“Mr. Hudgins Replies to Mr. Ewbank,“
from the French Broad Hustler,
Hendersonville, Thursday, Oct. 24, 1918.
Editor of Hustler:
In a remarkable article by E.W. Ewbank published last week
in the Hustler he said a vote for Britt means hope for Germany. I propose to
vote for Britt and therefore, if Mr. Ewbank’s statement is true, I help
Germany, but anyone who says I help Germany tells a confounded lie. Everybody
with home I have discussed the said remarkable article believes this
contemptible subterfuge is being resorted solely for the purpose of getting
Democratic votes.
Now nobody doubts Mr. Ewbank’s hatred for the Huns, and
there seems to be rage within his patriotic breast but one passion greater and
that is his undying love for Miss Democracy.

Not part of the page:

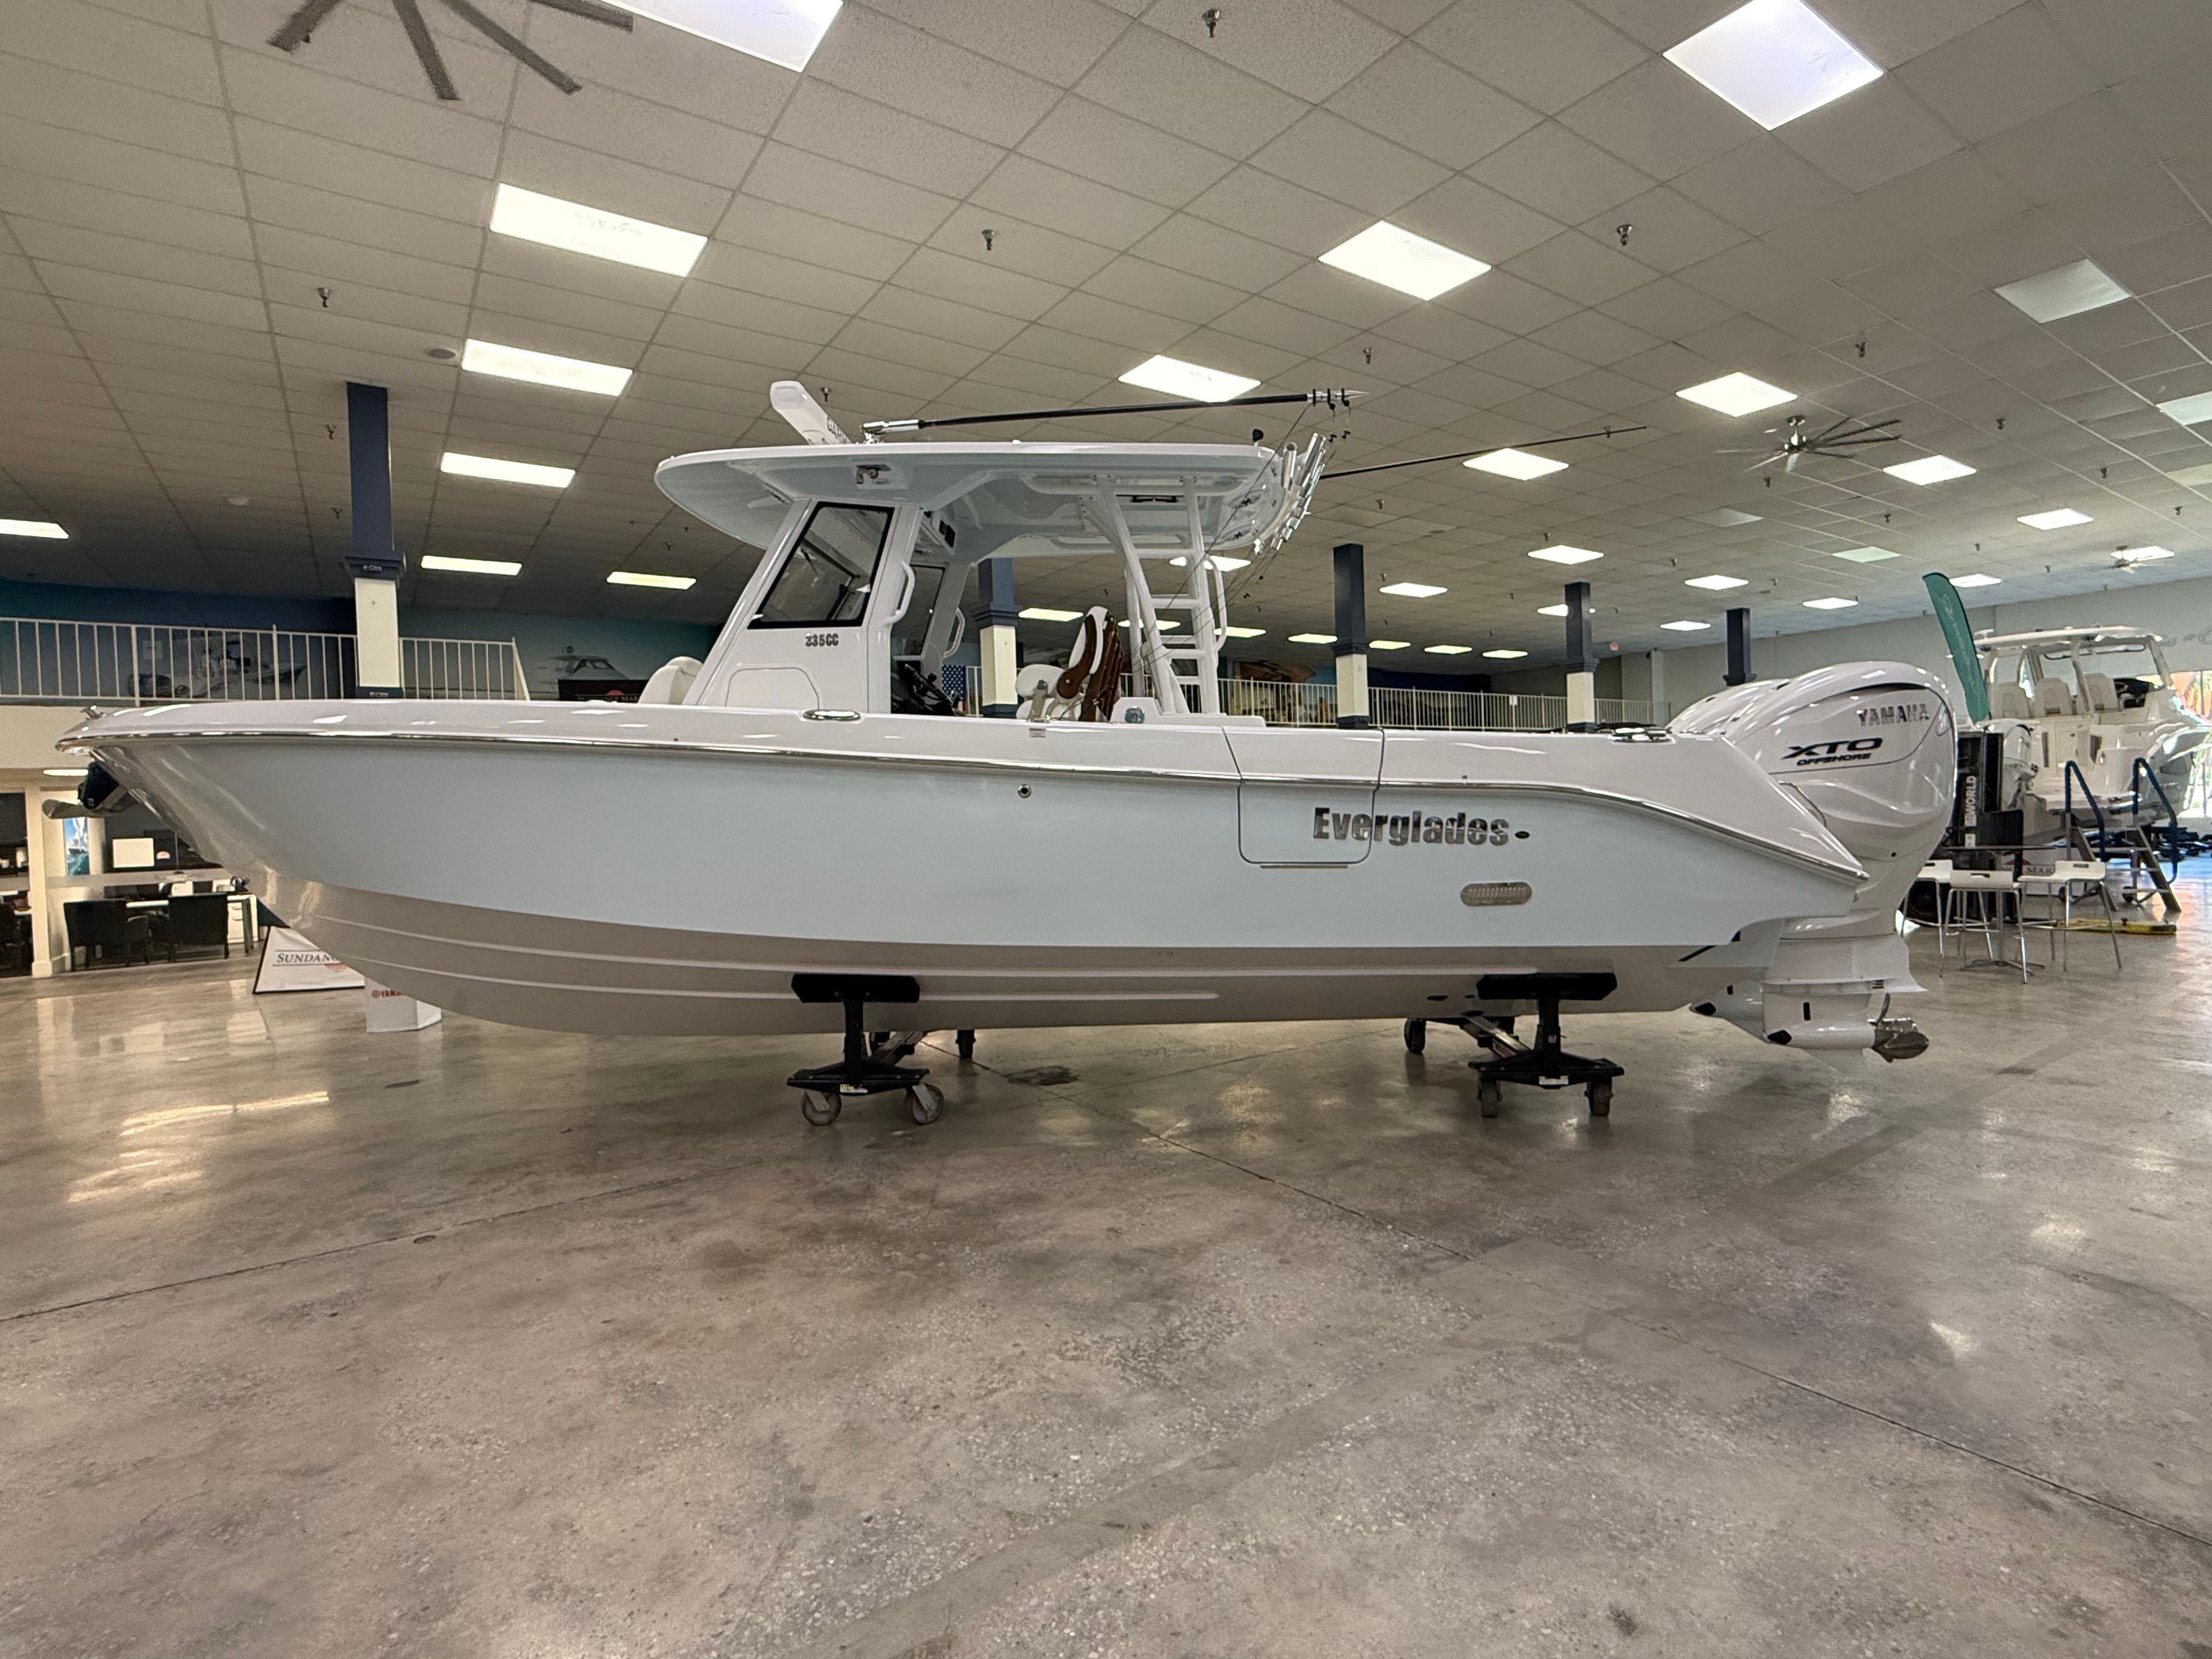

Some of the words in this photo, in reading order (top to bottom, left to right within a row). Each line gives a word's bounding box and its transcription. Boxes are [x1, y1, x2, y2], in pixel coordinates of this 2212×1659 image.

Mr. Eubank feels sure he made his point clear, and he did,
but now is not the time to use such arguments. Things are too serious and times
to strenuous for his finely drawn theory, and the mere political destiny of a
candidate now holding an office to which he does not seem to have been honestly
elected does not justify the means employed. What does it matter if a
Republican Congress is elected? (and, by-the-way, that very thing is going to
happen.)
Do Mr. Eubank and The
Asheville Citizen mean to say Republicans can not stand back of the
President without outraging their feelings to the extent of voting the
Democratic ticket? Have not the Republicans in Congress supported the President
and essential war measures more strongly compared with numbers, than the
democrats? Does Senator Lodge’s utterances printed in bold type above Mr.
Ewbank’s misguided statements hold out any hope for Germany? Are not the two
statements most consistent and clearly contradictory?
Who, Mr. Editor, is attempting to disgrace and dishonor men
who perhaps have sons now in France where at any moment they may be called upon
to make the supreme sacrifice for those at home? And who is indirectly, if not
purposely, attempting to brand every man and woman who dares not vote the
Democratic ticket as holding out hope to Germany? It is hard to imagine what
some people would not do in the last extremity to secure political success.
--S.H.
Hudgins, October 23, 1918
-=-
“Mr. Staton’s
Circular,“ from the French Broad
Hustler, Hendersonville, Thursday, Oct.
24, 1918.
“A vote for James J. Britt means a vote of hope for the
German people. A vote for Weaver means a vote of doom to any hope of a
negotiated peace—peace that would suspend a German sword above the people of
the earth for all time to come.”
The above paragraph is an extract from an article signed by
E.W. Ewbank, who is chairman of the Democratic Executive Committee of Henderson
County, and published in the French Broad Hustler of date Oct. 17, 1918. In
answer to this charge we submit the following facts:
James J. Britt has delivered 242 patriotic addresses; has
contributed liberally to the demands of the government for money with which to
carry on the war, and takes pride in the fact that two of his sons are now in
the trenches of France battling for the success of the cause for which we and
our allies have spent and are continuing to spend so much blood and treasure.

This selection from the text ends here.